Despite being essential in organizations across sectors, data scientists wrestle with the implications of writing the code that will replace their own jobs.
Coal miners will disappear in a clean energy revolution. Taxi dispatchers are being replaced by ride sharing apps. And video rental store employees lost their jobs to Netflix years ago.
History is replete with new technologies that have rendered entire occupations obsolete, turning a lost job into much more than a lost paycheque. Beyond earning a living, our careers weave into how we define ourselves as people—when an entire occupation disappears, pieces of professional and personal identity go with it.
For data scientists, this prospect creates an existential crisis. Unlike a taxi dispatcher blindsided by the rapid rise of Uber, data scientists spend their days in high demand, busy writing the code that will automate their own jobs out of existence.
“Data scientists are actually contributing to their own demise—and they are very aware of it,” says Emmanuelle Vaast, Professor of Information Systems and Associate Dean of Research at McGill University’s Desautels Faculty of Management.
“When data scientists develop Artificial Intelligence systems, they are creating programs that can conduct analysis in other contexts,” Vaast adds. “They are working to make themselves obsolete. This is something pretty unusual.”
Evolving codes of conduct
To better understand how data scientists navigate the delicate balancing act of working with digital technologies that both enable and threaten their own occupation, Vaast and Desautels Professor of Information Systems Alain Pinsonneault analyzed six years of recent blog posts and comments in an online community of data scientists.
In addition to this tension between the occupation’s persistence and its eventual obsolescence, Vaast and Pinsonneault also explored the ways that data scientists understood their occupational identity through its similarities and differences with other jobs.
“Many data scientists think about the ways that they are different from other occupations, and this has changed over time,” Vaast explains. When Vaast and Pinsonneault began their six-year observation period, data scientists defined themselves by distinguishing themselves from statisticians: statisticians use methods that have been used for centuries, while data scientists use sophisticated programming languages such as R or Python.
As time went on, statisticians faded into the background, and other professions became more relevant to data scientists’ occupational identity, in particular software developers. Like data scientists, software developers also actively work to eliminate their positions, developing software that has the potential to take over their roles.
Occupations on the brink
Call this phenomenon persistent extinction or continuous obsolescence, by any neologism it encompasses the liminal time when an occupation will eventually become obsolete, but for the moment continues to fill a need.
The tech sector makes for concise case studies of people who work closely with the technologies that will replace them, but Vaast believes persistent extinction also has implications beyond that sector.
“Similar processes can be observed in other occupations. In Japan, robots now assist teachers, and studies of it have shown something incredible,” Vaast points out. “A lot of young children react very well to the robots because they have cute features, and they are endlessly patient. For now, they are only assisting human teachers, but at some point, this might change.”
Digital identity transformation
Data has been compared to gold and oil, but it could also be likened to air. It is vital, generated at countless diffuse points, and so ubiquitous that people often forget it’s even there.
In the 21st century, working with data plays into many different professions, from social media manager to quantitative investment analyst to software programmer. “People in many other occupations use the same digital technologies, so that creates a pattern in which different occupations become closer to one another,” says Vaast.
We need to think about this ongoing transformation as a part of occupational identity.
That ubiquity of data-driven technologies and related roles makes it tricky to answer the question of what, exactly, makes a data scientist? Generally, data scientists are distinguished by their advanced data skills and fluency in programming languages that enable them to generate insights from large data sets and qualitative unstructured data. Yet the specific skills that they use to do their work evolve rapidly.

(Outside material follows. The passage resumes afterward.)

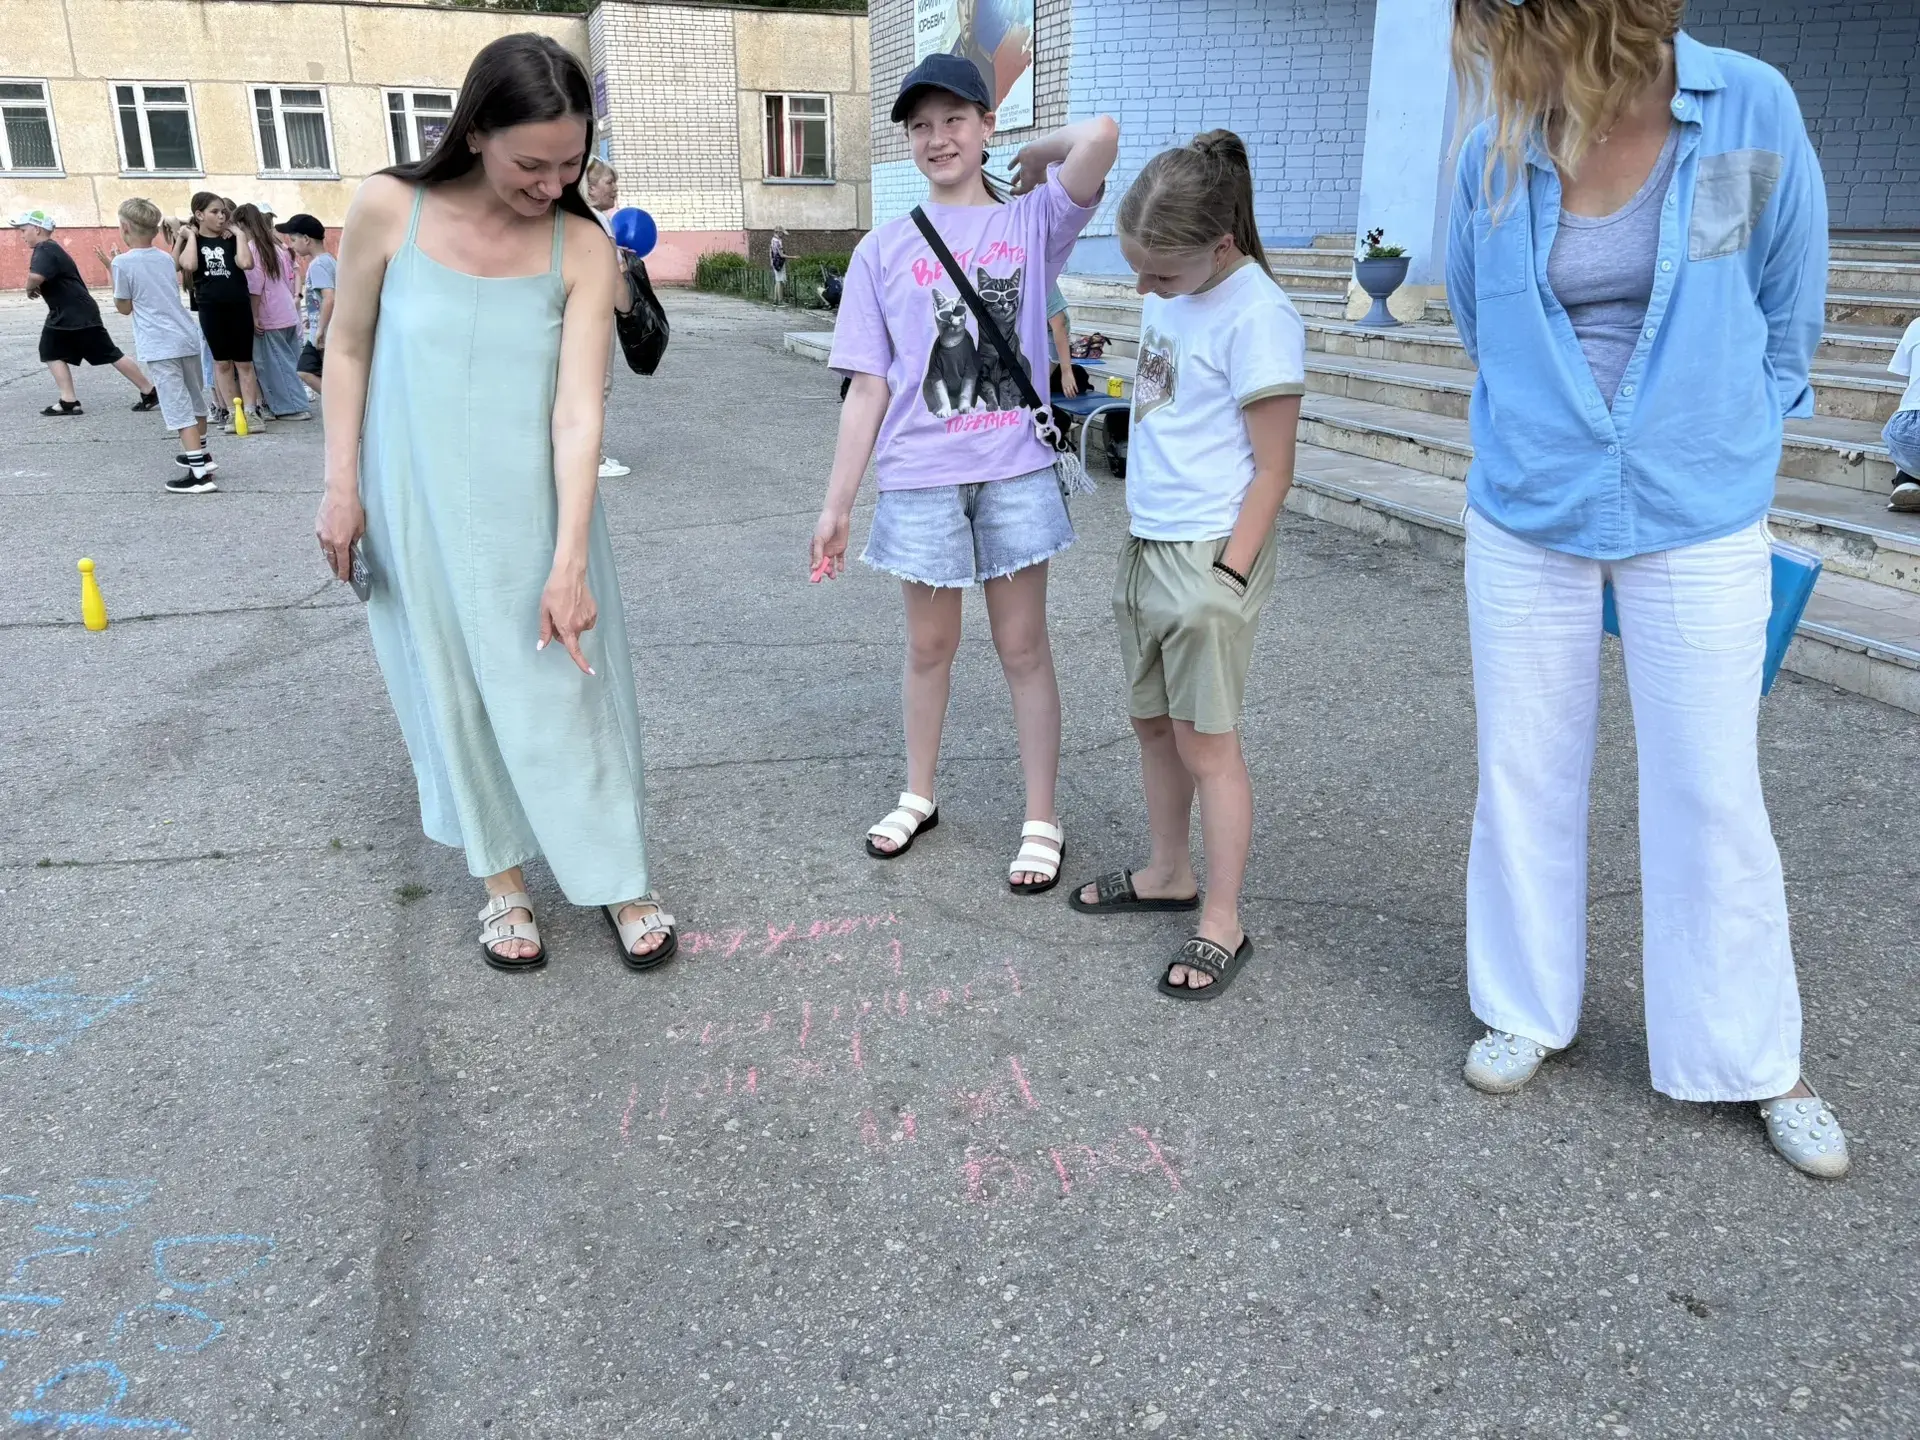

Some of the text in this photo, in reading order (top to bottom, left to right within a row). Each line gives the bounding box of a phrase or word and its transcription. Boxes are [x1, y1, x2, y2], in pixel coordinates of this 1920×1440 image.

[918, 11, 947, 33] ЮРЬЕВИЧ
[911, 248, 974, 287] BET
[944, 410, 1022, 435] TOGETHER

“Digital technologies are constantly regenerating and transforming. We need to think about this ongoing transformation as a part of occupational identity,” says Vaast. “It doesn’t only change once, but repeatedly.”
Upgrading today for the future
For aspiring data scientists, that means that an education in data science is not an end in itself. Education is only the first step on a life-long learning journey where the ability to acquire new skills is the real key to success, both for individuals and the organizations they work for.
“Whatever the data scientists of the future do, there will not be a single certification,” says Vaast. “The competencies that are needed to get a job at the entry level are just the beginning; their skills will need to be updated throughout their career.”
In an extremely competitive job market, data scientists who are most successful are those who constantly update their expertise.
“Some of this comes from formal study, and some of it comes from working with data sets and new research teams,” explains Vaast. “There are multiple ways to gain expertise, but you not only need to get that expertise, you need to maintain it. That is the tricky part.”